Internal Data Structure
Mandatory hierarchical resources
Project
A Project is the basic resource to organize general user access for stored data (i.e. Objects). It also acts as an umbrella container for all other resources which means that every hierarchy has a Project as root. This directly implies that every project name has to be globally unique in the Aruna universe.
You can also archive Projects which makes the Project and all its subresources immutable. This feature is useful e.g. if the stored data shall be used for any kind of permanent publication.
Object
An Object is the resource which fundamentally stores the data in the backend storage system. Depending on the context an Object can represent data or metadata. It must be owned by at least one Project which means that every Object needs at least one Project as root in its hierarchy. Nonetheless, it can be flexibly shared with all other resources by creating the corresponding relation.
Additionally, an Object has revisions in contrast to the other resources. Once uploaded, an Object is immutable. Updates create new Objects that reference the original Object, resulting in a history of changes.

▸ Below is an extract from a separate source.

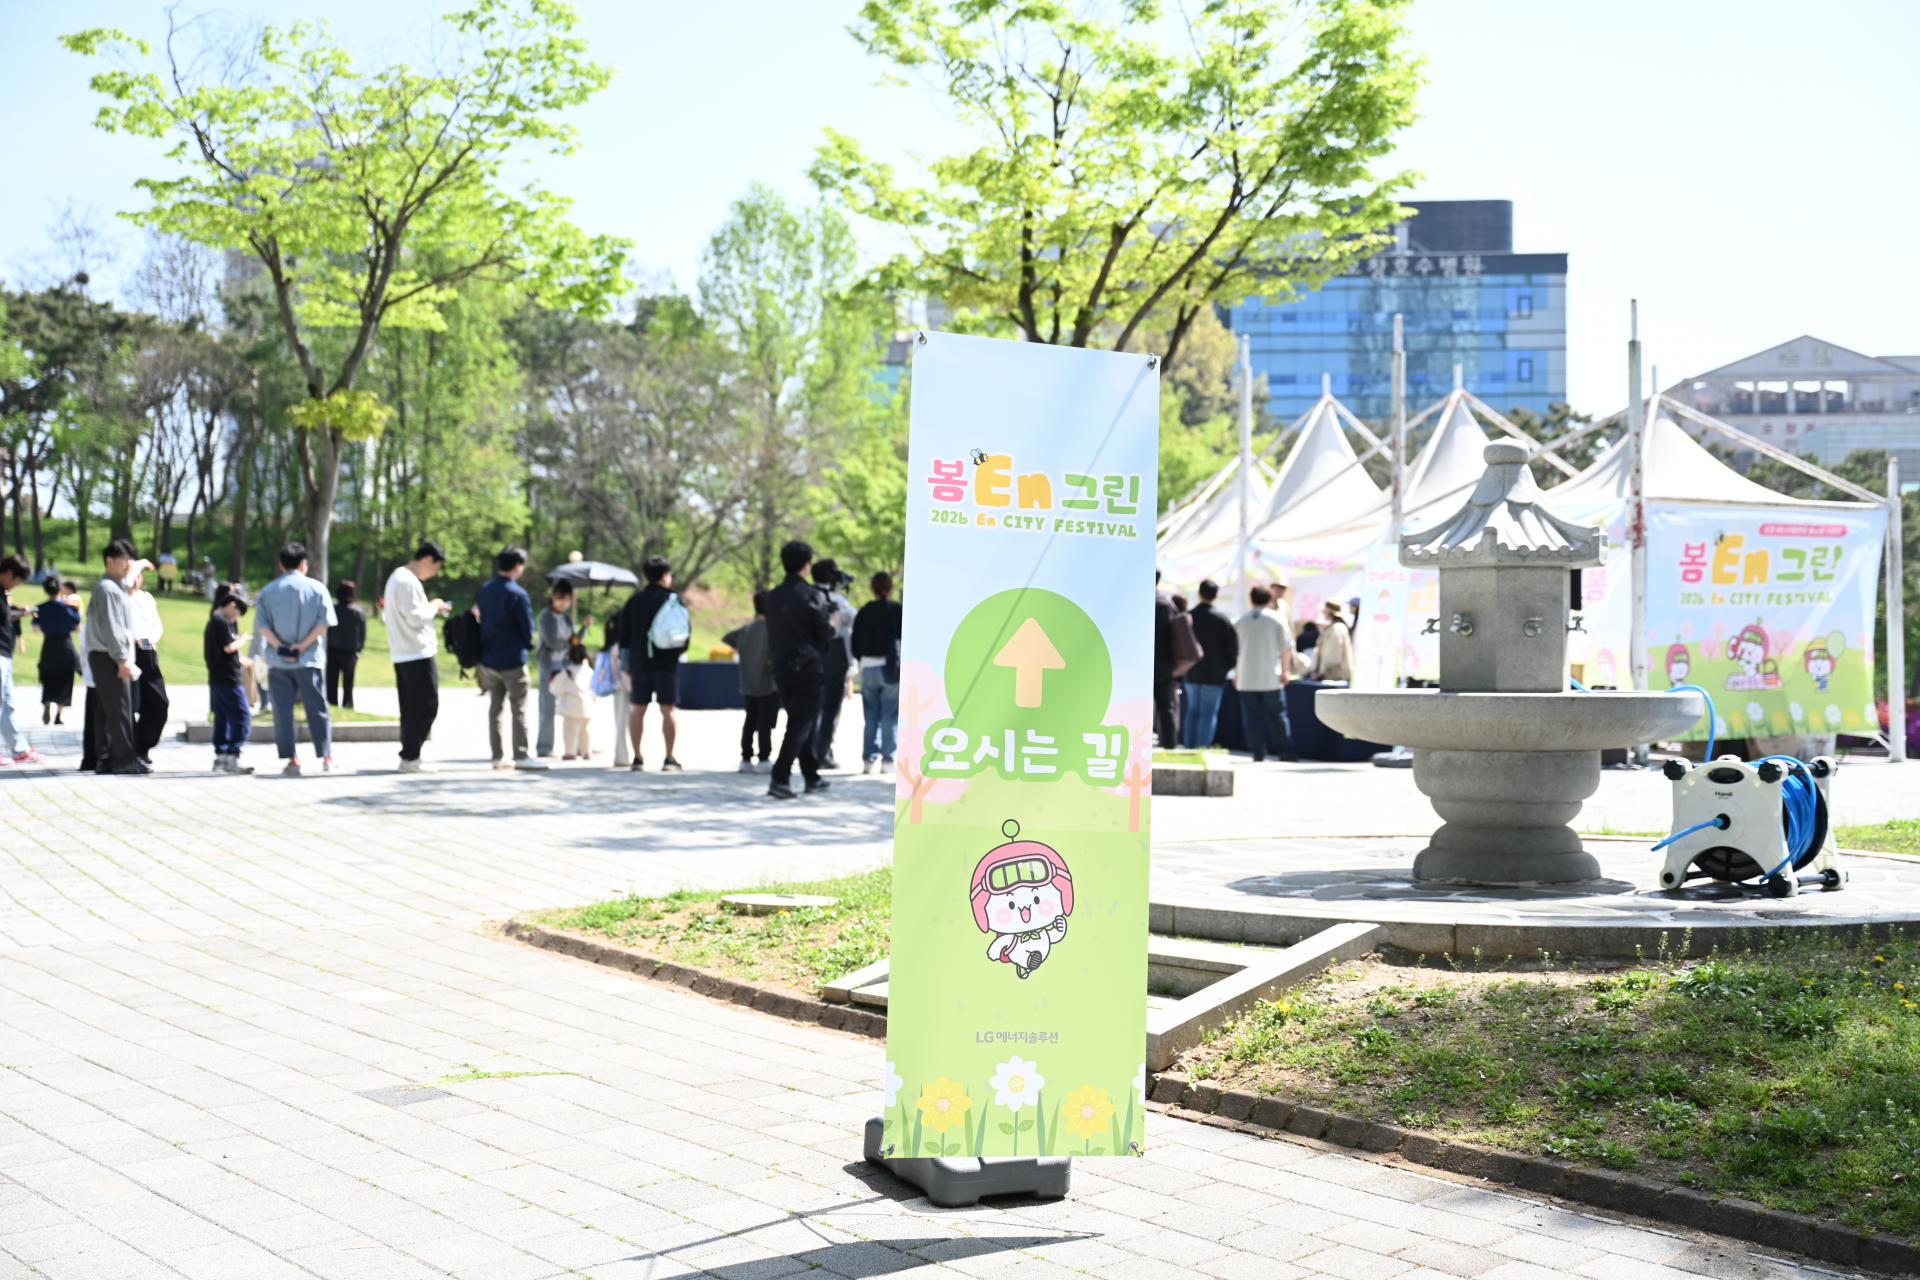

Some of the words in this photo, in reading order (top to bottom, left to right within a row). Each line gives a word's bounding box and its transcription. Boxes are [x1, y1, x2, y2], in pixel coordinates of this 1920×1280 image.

Optional hierarchical resources
Collection
A Collection is the basic resource to organize stored data (i.e. Objects) inside Projects. Collections should consist a loose collection of Objects and/or Datasets.
Collections can also be snapshot with a version number following semantic versioning principles. On creation of a Collection snapshot, an immutable clone of the Collection and all its subresources gets created. The version number has to be provided manually by the user who initiates the Collection snapshot.
Dataset
Datasets are a secondary hierarchy resource to organize Objects either inside Collections and/or Projects directly. A Dataset should consist of closely related Objects and should be used to combine data and metadata for easier access and organization.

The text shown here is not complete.